▶ [Exercise]
Each record, word for word and stripped of pictures, is what the answer should contain.
────────────────
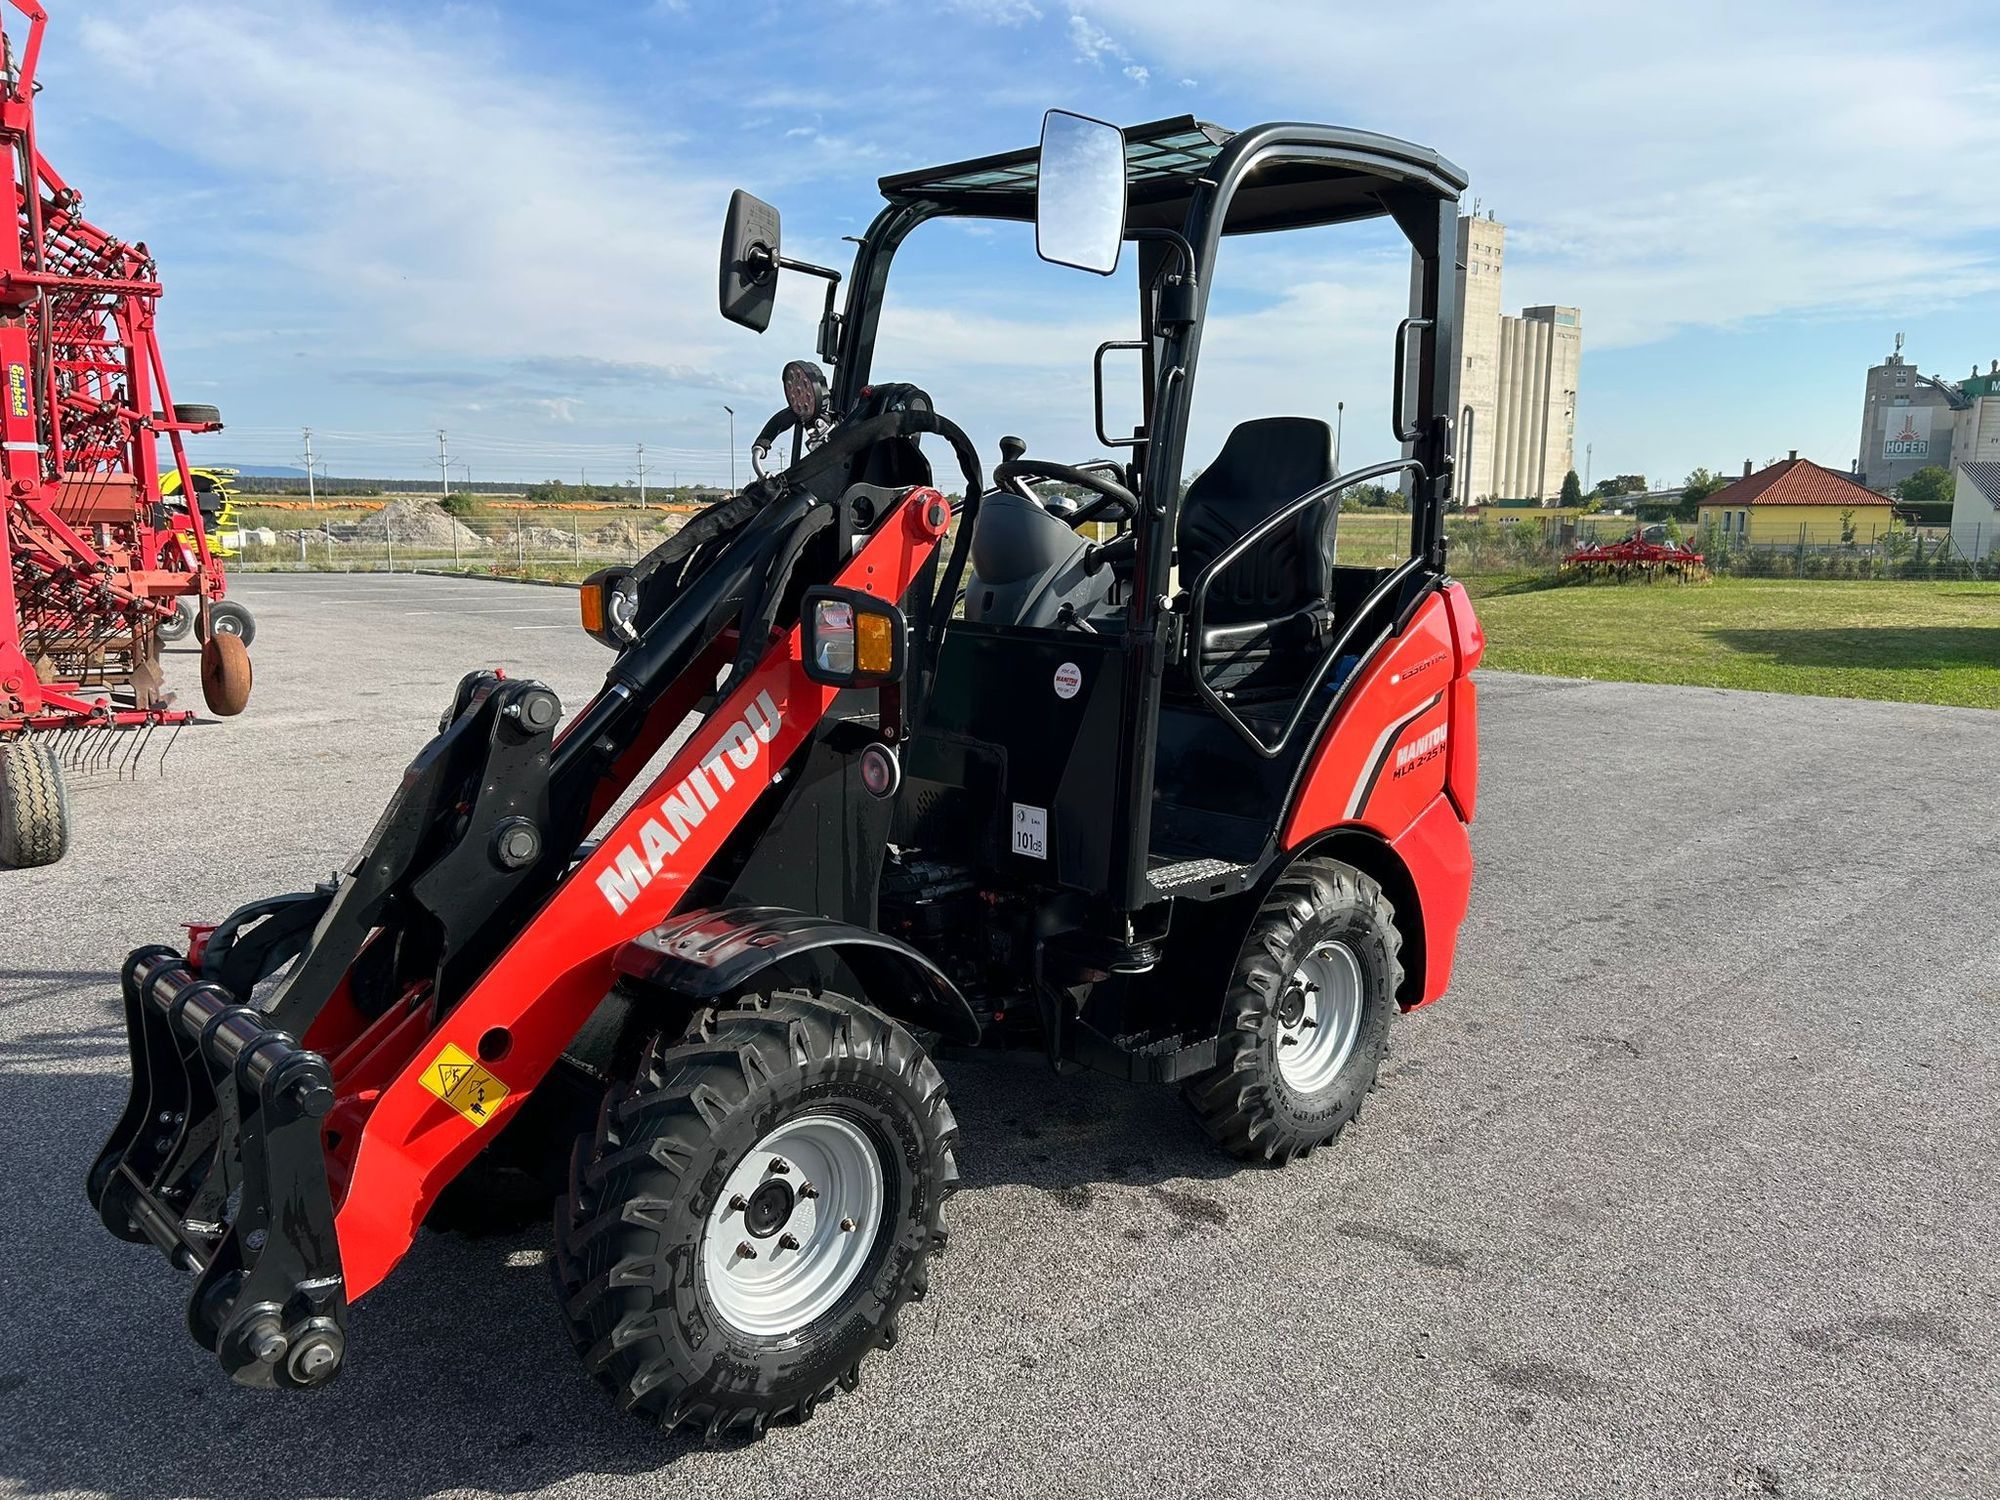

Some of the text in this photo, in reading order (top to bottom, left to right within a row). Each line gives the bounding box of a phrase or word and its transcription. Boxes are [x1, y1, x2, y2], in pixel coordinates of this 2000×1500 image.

[1886, 441, 1927, 453] HOFER
[1393, 742, 1446, 781] MLA 2-25 H
[1396, 721, 1448, 768] MANITOU
[595, 688, 782, 916] MANITOU
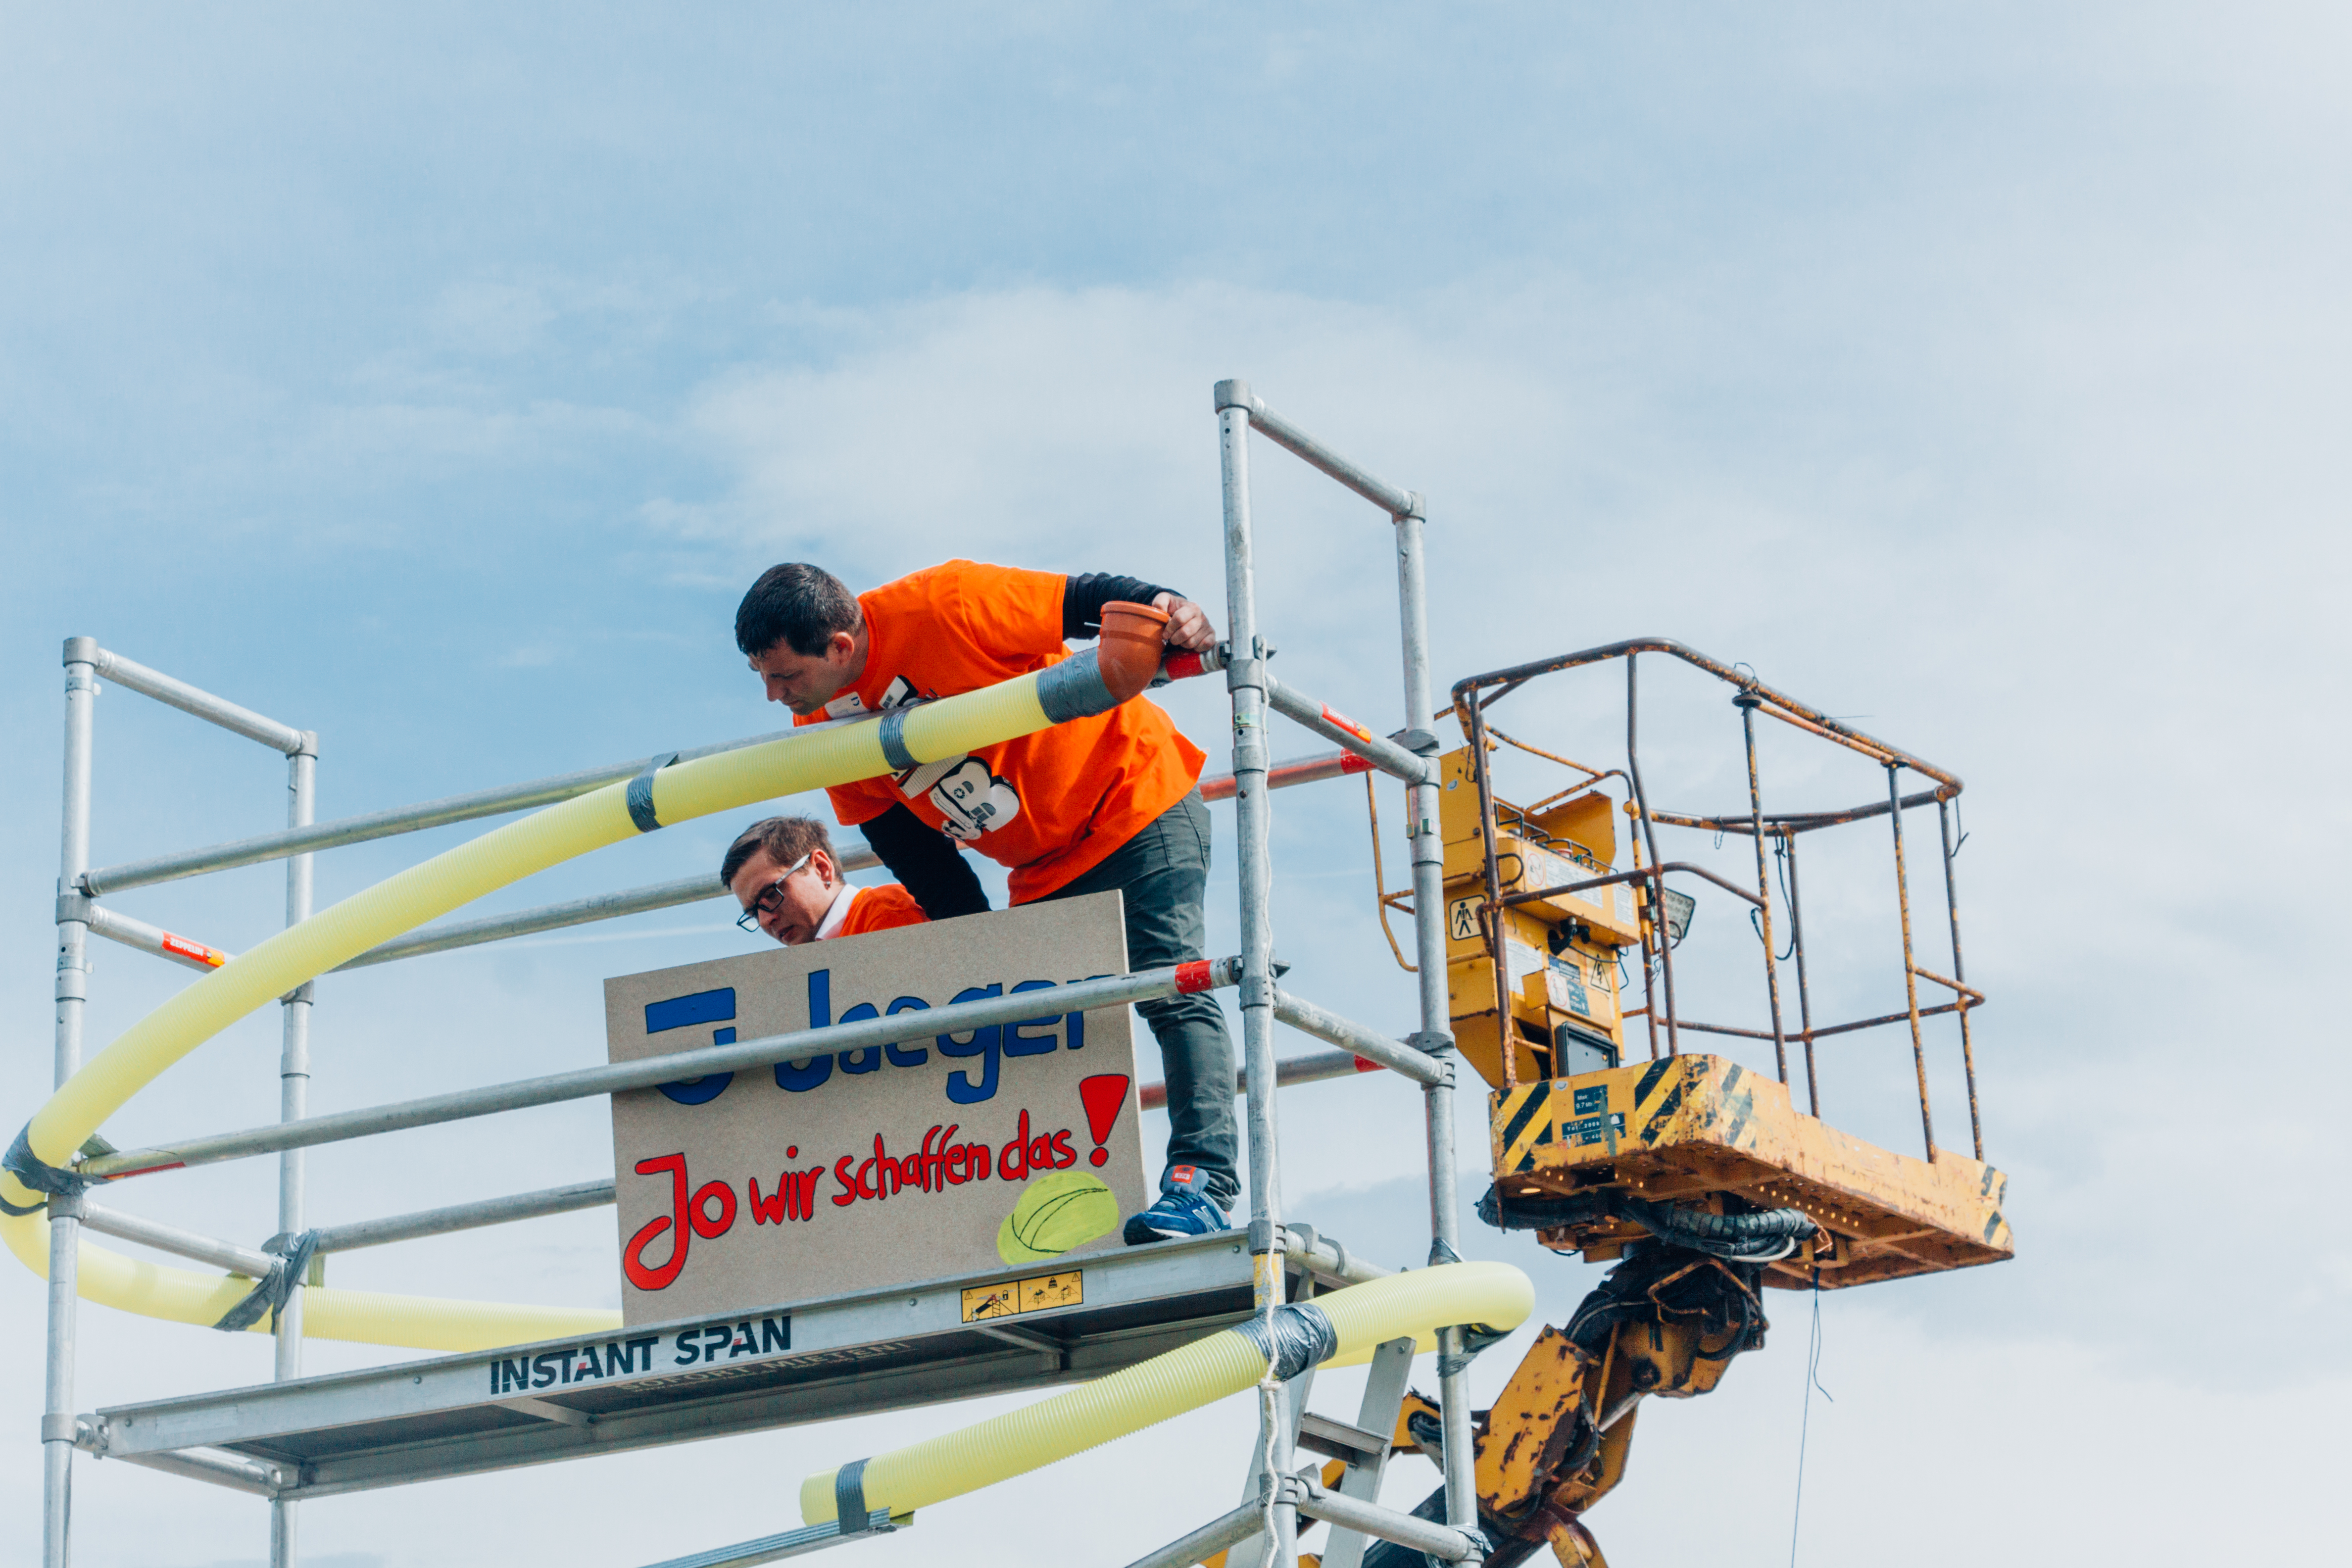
────────────────
▶ [Your response]
Some of the text in this photo, in reading order (top to bottom, left to right within a row). Each line gives the bounding box of a phrase or word and its transcription. Boxes are [x1, y1, x2, y2], in pixel coordinates of this 2000×1500 image.

[1886, 441, 1927, 453] HOFER
[1393, 742, 1446, 781] MLA 2-25 H
[1396, 721, 1448, 768] MANITOU
[595, 688, 782, 916] MANITOU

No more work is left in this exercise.